We went to the garden centre yesterday for an Easter Hunt. Sounds nice you all say and yes it was. But can anybody relate to this?
We go to the check out to pick up our entry forms. I have no pen (my first mistake) nobody seems to have a pen so we need to wait. Stress out number 1.
We get the pens Yay! But my sons pen does not work No! Stress out number 2.
We finally get a pen so we set off looking for the first clue. My other two children wander off enjoying the sunshine. My son however is worried he won’t find it first, this worry overwhelms him and he starts running around like a headless chicken. Stress out number 3.
One of my daughters finds the said clue first and tries to be helpful by sharing her find with her siblings. Stress out number 4.
We then complete the question. Name a famous rabbit? Phew I think not too tricky as everyone can name Bugs Bunny surely? The pressure is overwhelming for my son whose mind goes blank and cannot think of one. He does not want help! Stress out number 5.

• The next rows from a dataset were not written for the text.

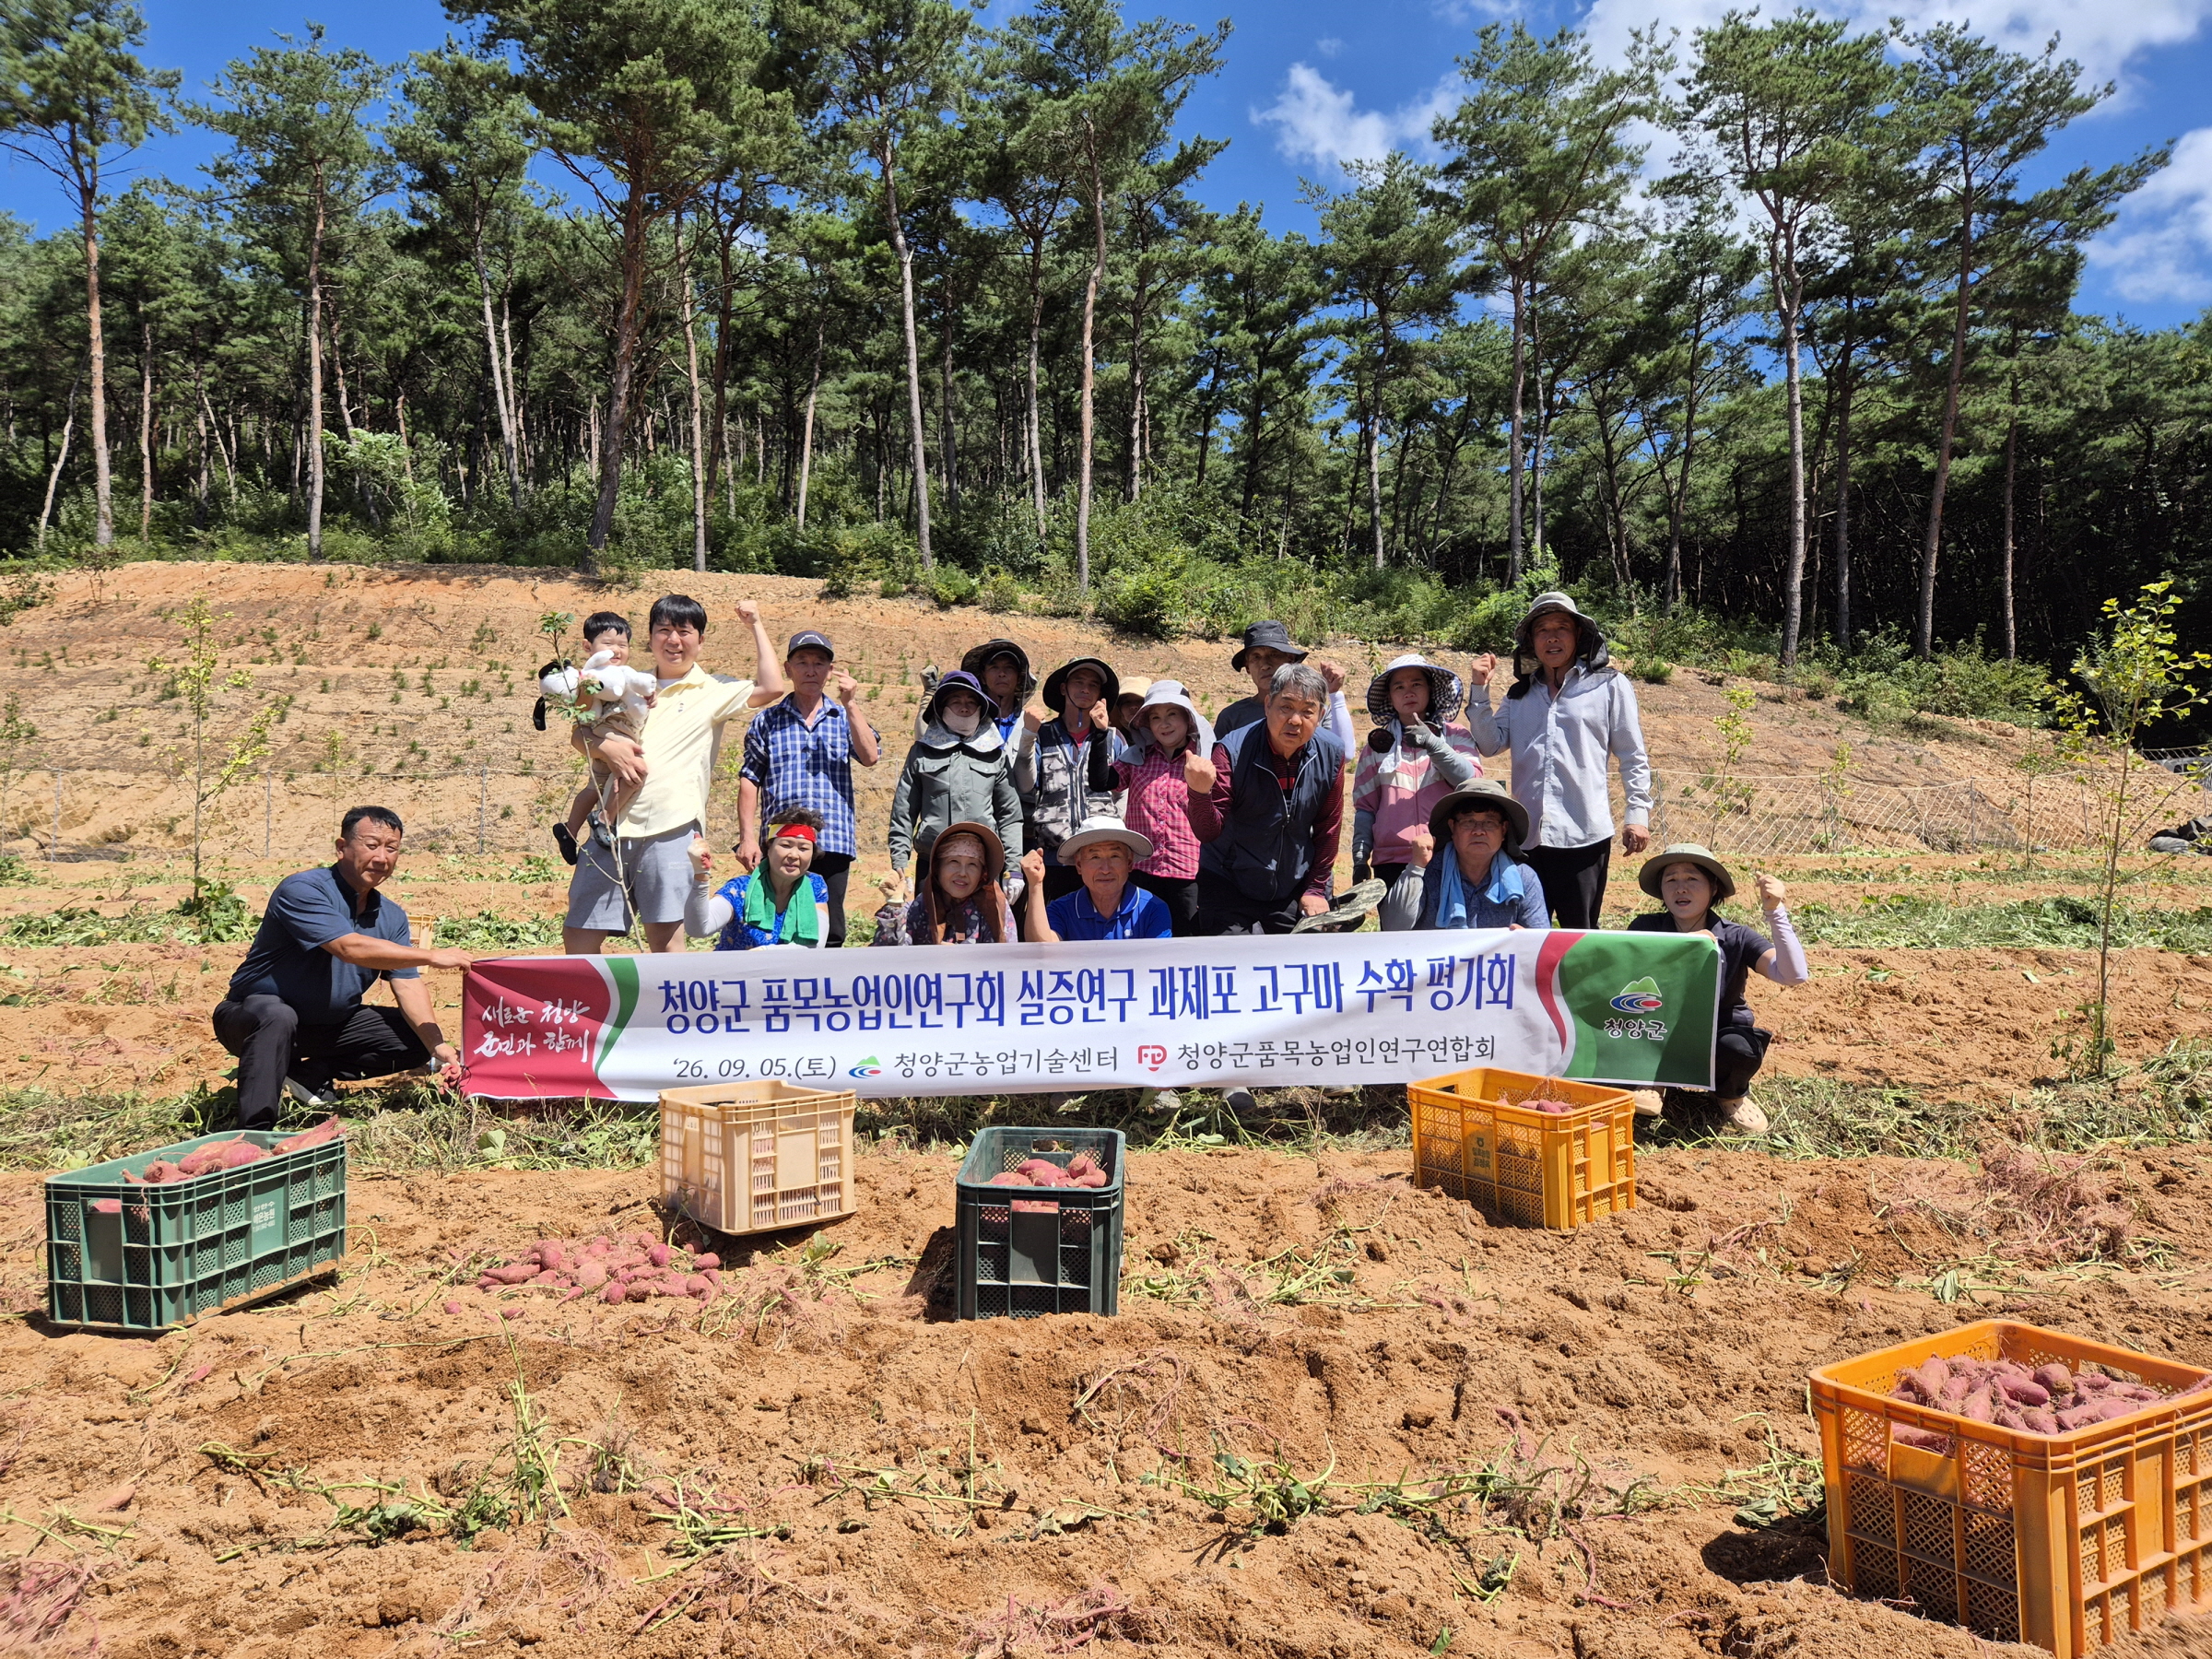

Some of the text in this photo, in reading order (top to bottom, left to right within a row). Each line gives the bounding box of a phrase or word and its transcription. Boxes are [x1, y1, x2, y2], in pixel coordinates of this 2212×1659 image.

[657, 953, 1516, 1034] 청양군 품목농업인연구회 실증연구 과제포 고구마 수확 평가회
[481, 995, 591, 1029] 새로운 청양
[1604, 1017, 1668, 1041] 청양군
[473, 1026, 590, 1064] 군민과 함께
[893, 1045, 1119, 1078] 청양군농업기술센터
[1177, 1034, 1496, 1071] 청양군품목농업인연구연합회
[718, 1058, 750, 1078] 09.

Yes, Bugs Bunny! Well done clever boy I say. And lots of high fives later we are ready to start on the next clue. Or so I think…my son looks at the entry form. It clearly states one famous rabbit but it has three lines to write on, so do they want three famous rabbits or just one? “What should I do” he keeps asking me. It is pointless to say not to worry about the other two lines so we decide to go and ask somebody. Right problem solved, now on to clue two.
Clue two is equally challenging; there are strange smells in the garden centre which upset him, making him feel sick. The loud noises agitate him and the constant worry of not finding the clues start to become too much. Stress out number 6.
I bump into a friend and stop to chat politely whilst trying to keep one eye on my son. He gets more and more agitated that my attention has strayed from the Easter Hunt. He cannot understand that social etiquette dictates that I should at least say hello. He believes that if the Easter Hunt is all consuming for him then surely I must think and feel the same? My friend asks how the holidays have been oblivious to my son now rolled up in the foetal position in amongst the flower pot display. “Isn’t it lovely to not have any routine” she says, I just nod and agree as I have not got the time or inclination to explain how important routine is to our family and without things can start to unravel. Finally I extract myself from the conversation as quick as poss so I can extract my son from the display without breaking any pots!
After about an hour of this and many stress outs later we finally queue up to get the prize. Which is a small chocolate lolly.
Was all that worth it? Should I have put my son in that stressful situation in the first place? Yes I believe I should. You see today it was just an Easter Hunt but tomorrow, next week, next year and for his whole life he will be facing challenges and I won’t always be around to support him. I guess it is about learning life skills, to be able to cope in the real world.
I feel like a mean Mum but then as I sit in the sunshine with my three beautiful children, each one unique and the chocolate rush hits my brain I think “yes it certainly is all worth it”.